# **Perceiver IO model implementation**
A General Architecture for Structured Inputs & Outputs by Deepmind
* It is considered as a generalized architecture that solves quadratic time and space complexity with transformers which occurs due to attention mechanism.
* It is a generalization of Perceiver to handle arbitrary outputs in addition to arbitrary inputs. 
* The original Perceiver only produced a single classification label. 
* In addition to classification labels, Perceiver IO can produce (for example) language, optical flow, and multimodal videos with audio. 
* This is done using the same building blocks as the original Perceiver. 
* The computational complexity of Perceiver IO is linear in the input and output size and the bulk of the processing occurs in the latent space, allowing us to process inputs and outputs that are much larger than can be handled by standard Transformers. 
* This means, for example, Perceiver IO can do BERT-style masked language modeling directly using bytes instead of tokenized inputs.

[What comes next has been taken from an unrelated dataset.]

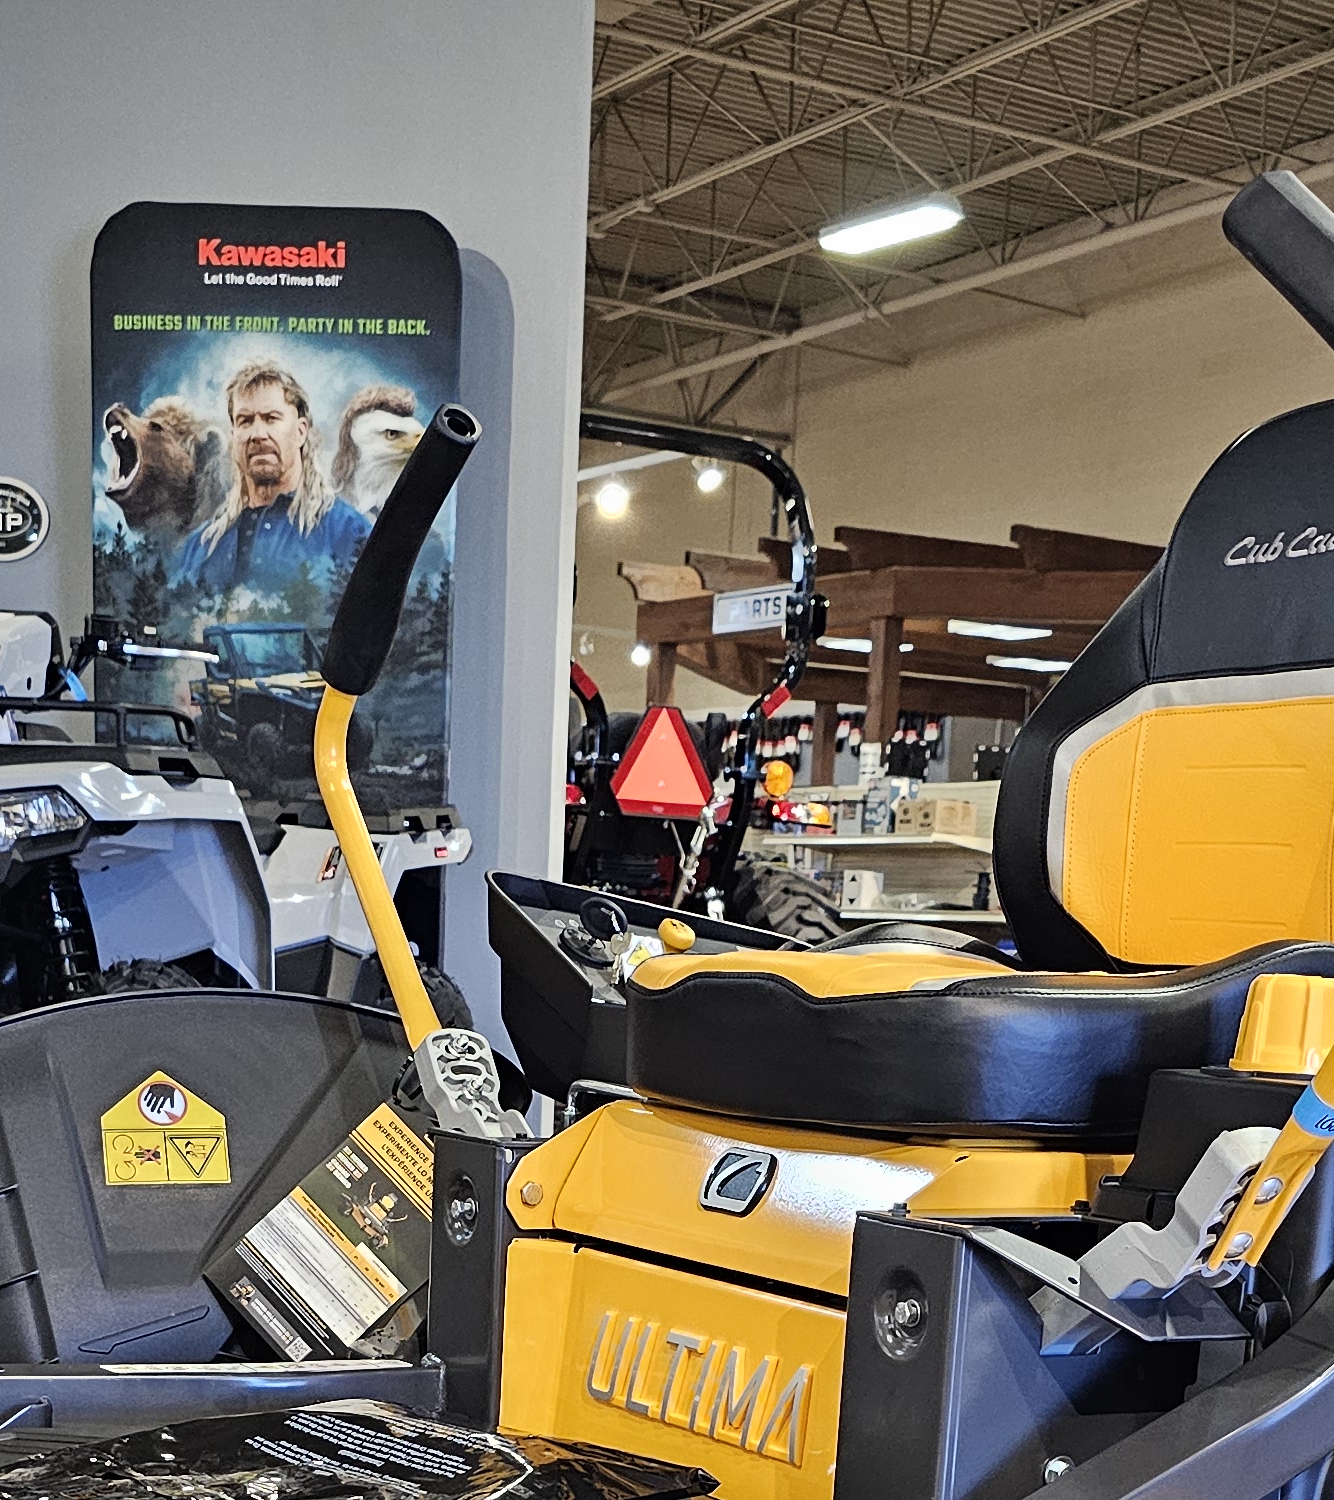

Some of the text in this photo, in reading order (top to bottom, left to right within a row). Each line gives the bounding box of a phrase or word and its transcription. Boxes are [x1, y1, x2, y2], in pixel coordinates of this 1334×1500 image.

# **Masked language modeling**
It involves: input a sentence into the model and optimizing the weights inside model to output the same sentence on the other side.
* Normally BERT can be best suited for tasks such as MLM, this notebook demonstrates using perceiver IO for same and achieves the goal.

## **References:**
* https://github.com/2796gaurav/code_examples/blob/main/Perceiver/Perceiver_masked_language_modelling.ipynb
* https://medium.com/analytics-vidhya/perceiver-io-a-general-architecture-for-structured-inputs-outputs-4ad669315e7f
* https://deepmind.com/research/open-source/perceiver-IO


In [1]:
# Install dependencies for Google Colab.
# If you want to run this notebook on your own machine, you can skip this cell
!pip install dm-haiku
!pip install einops

!mkdir /content/perceiver
!touch /content/perceiver/__init__.py
!wget -O /content/perceiver/bytes_tokenizer.py https://raw.githubusercontent.com/deepmind/deepmind-research/master/perceiver/bytes_tokenizer.py
!wget -O /content/perceiver/io_processors.py https://raw.githubusercontent.com/deepmind/deepmind-research/master/perceiver/io_processors.py
!wget -O /content/perceiver/perceiver.py https://raw.githubusercontent.com/deepmind/deepmind-research/master/perceiver/perceiver.py
!wget -O /content/perceiver/position_encoding.py https://raw.githubusercontent.com/deepmind/deepmind-research/master/perceiver/position_encoding.py

Collecting dm-haiku
  Downloading dm_haiku-0.0.4-py3-none-any.whl (284 kB)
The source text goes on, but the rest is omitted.